How I Restored my Email Messages to the Hotmail Servers
Before I begin, if it isn’t obvious yet, you cannot do this if you don’t have your messages stored somewhere. In my case, I had downloaded all the messages to Apple’s Mail application in OS X. That means that I had my email messages on my Macintosh computer in Mail, and needed a way to get them back to the Hotmail Servers (if only for my own sanity and peace of mind.) Here is the process I went through.
1st – configured my gmail account as IMAP access in Macintosh Mail.
I also have a gmail account, and I configured it in the Macintosh Mail application using the automatic default configurations. Gmail supports the IMAP email protocol (more info on IMAP here ->http://en.wikipedia.org/wiki/Internet_Message_Access_Protocol.) Basically, IMAP lets you synchronize folders of email messages.
2nd – created a new folder in gmail and copied email messages.
I created a new folder in the gmail folder structure called “Hotmail Backup” and copied all the Hotmail messages I had from the local Mail folder. Since, I have a few thousand messages with attachments, this took a while.
3rd – setup Microsoft Outlook for both my gmail and Hotmail accounts on a windows computer
So…I can’t help you if you don’t have access to a email client with IMAP type support and access to Hotmail. Microsoft only makes this available for the free Hotmail accounts using their software. That means Windows+Outlook (or maybe Live mail.) I used MS Outlook 2003 with the Microsoft Office Outlook connector installed. The Outlook Connector gives you access to your Hotmail account as though it’s a IMAP server (I believe that the Microsoft Live Mail application will do the same thing.) I setup both my gmail account (as IMAP,) and my Hotmail account (using Microsoft Office Outlook Connecter) in Microsoft Outlook 2003.
4th – Copy all email message from the gmail “Hotmail Backup” folder to my Hotmail inbox
enough said? I just selected all the message from the my gmail folder labeled “Hotmail Backup” and copied them to the Hotmail inbox in Microsoft Outlook. Since, I have a few thousand emails with attachments, this took awhile.
This worked great except for one problem. Every message duplicated in Macintosh mail on the next download of email from the Hotmail account. Since, I have a few thousand messages with attachments, this took a while.

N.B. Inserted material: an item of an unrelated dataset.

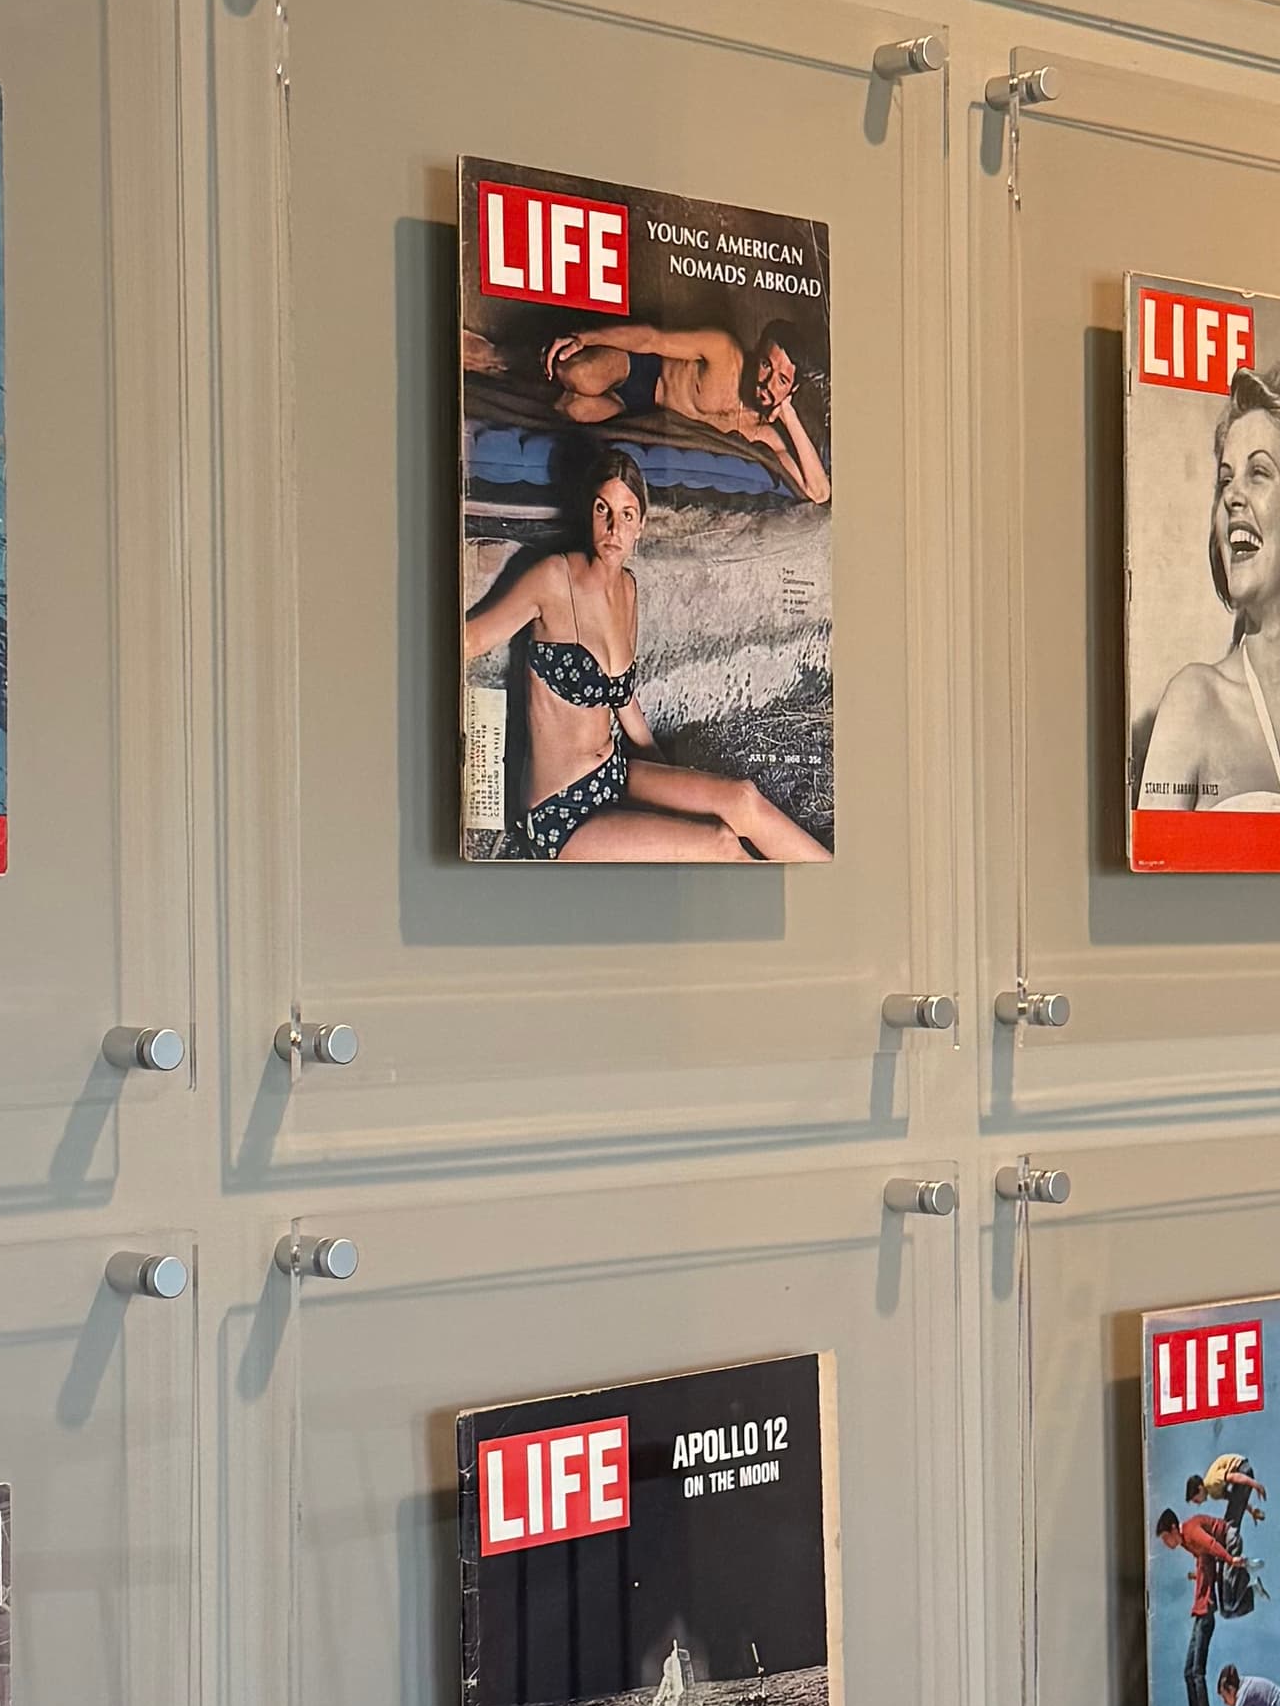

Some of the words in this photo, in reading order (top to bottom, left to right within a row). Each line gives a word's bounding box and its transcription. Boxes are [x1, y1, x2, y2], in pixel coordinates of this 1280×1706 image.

Crap! and now I have that cleanup to do in my Mail inbox…If I was to do this again, after having copied them into the gmail “Hotmail Backup” folder, I would empty the local Hotmail inbox on my Macintosh by moving all the message to a new local folder (keeping a backup of all the messages.) That way it would be empty and ready to download all of the messages again and wouldn’t create duplicates in the inbox. However, it’d probably take a while….I have a lot of mail.